Vivía en otros tiempos un comerciante con su mujer; un día ésta se murió, dejándole una hija. Al poco tiempo el viudo se casó con otra mujer, que, envidiosa de su hijastra, la maltrataba y buscaba el modo de librarse de ella.

Aprovechando la ocasión de que el padre tuvo que hacer un viaje, la madrastra le dijo a la muchacha:

—Ve a ver a mi hermana y pídele que te dé una aguja y un poco de hilo para que te cosas una camisa.

La hermana de la madrastra era una bruja, y como la muchacha era lista, decidió ir primero a pedir consejo a otra tía suya, hermana de su padre.

—Buenos días, tiíta.

—Muy buenos, sobrina querida. ¿A qué vienes?

—Mi madrastra me ha dicho que vaya a pedir a su hermana una aguja e hilo, para que me cosa una camisa.

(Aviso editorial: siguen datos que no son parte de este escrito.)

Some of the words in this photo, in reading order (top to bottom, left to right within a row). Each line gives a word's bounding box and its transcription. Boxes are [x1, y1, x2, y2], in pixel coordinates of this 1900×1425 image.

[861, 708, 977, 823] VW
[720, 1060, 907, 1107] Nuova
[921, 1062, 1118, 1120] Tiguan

—Acuérdate bien —le dijo entonces la tía— de que un álamo blanco querrá arañarte la cara: tú átale las ramas con una cinta. Las puertas de una cancela rechinarán y se cerrarán con estrépito para no dejarte pasar; tú úntale los goznes con aceite. Los perros te querrán despedazar; tírales un poco de pan. Un gato feroz estará encargado de arañarte y sacarte los ojos; dale un pedazo de jamón.

La chica se despidió, cogió un poco de pan, aceite y jamón y una cinta, se puso a andar en busca de la bruja y finalmente llegó.

Entró en la cabaña, en la cual estaba sentada la bruja Baba—Yaga sobre sus piernas huesosas, ocupada en tejer.

—Buenos días, tía.

—¿A qué vienes, sobrina?

—Mi madre me ha mandado que venga a pedirte una aguja e hilo para coserme una camisa.

—Está bien. En tanto que lo busco, siéntate y ponte a tejer.

Mientras la sobrina estaba tejiendo, la bruja salió de la habitación, llamó a su criada y le dijo:

—Date prisa, calienta el baño y lava bien a mi sobrina, porque me la voy a comer.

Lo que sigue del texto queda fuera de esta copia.